__TASK INSTRUCTIONS__. For every record below, repeat the text exactly and pass over any image.

__DATASET CONTENT__.

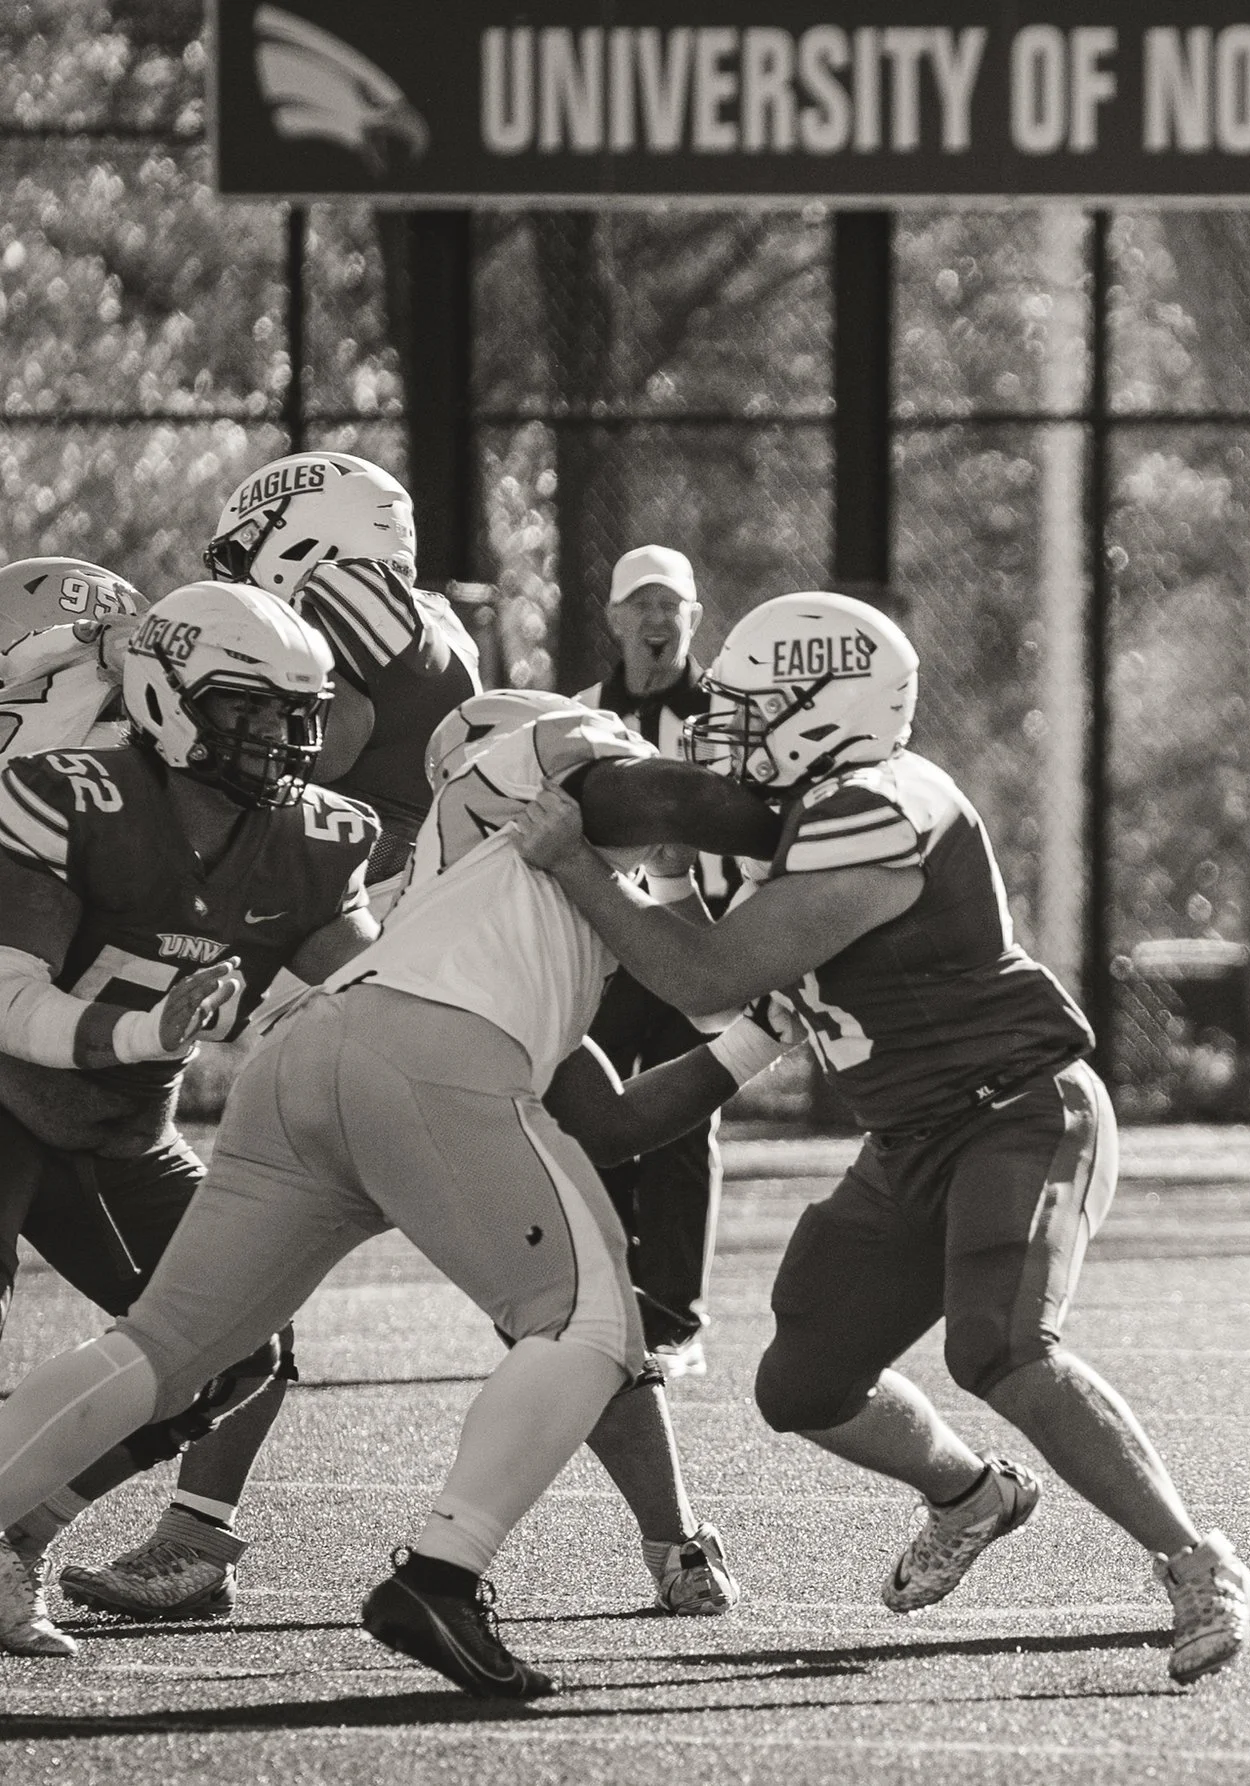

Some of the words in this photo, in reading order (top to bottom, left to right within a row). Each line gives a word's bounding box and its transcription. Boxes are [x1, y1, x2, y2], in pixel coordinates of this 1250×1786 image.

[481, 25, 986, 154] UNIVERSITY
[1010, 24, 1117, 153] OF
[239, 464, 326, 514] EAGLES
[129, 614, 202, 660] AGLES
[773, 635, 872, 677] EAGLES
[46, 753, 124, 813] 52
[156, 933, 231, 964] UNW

__RESPONSE BOX__.
Some of the words in this photo, in reading order (top to bottom, left to right within a row). Each line gives a word's bounding box and its transcription. Boxes are [x1, y1, x2, y2], in pixel coordinates of this 1250×1786 image.

[481, 25, 986, 154] UNIVERSITY
[1010, 24, 1117, 153] OF
[239, 464, 326, 514] EAGLES
[129, 614, 202, 660] AGLES
[773, 635, 872, 677] EAGLES
[46, 753, 124, 813] 52
[156, 933, 231, 964] UNW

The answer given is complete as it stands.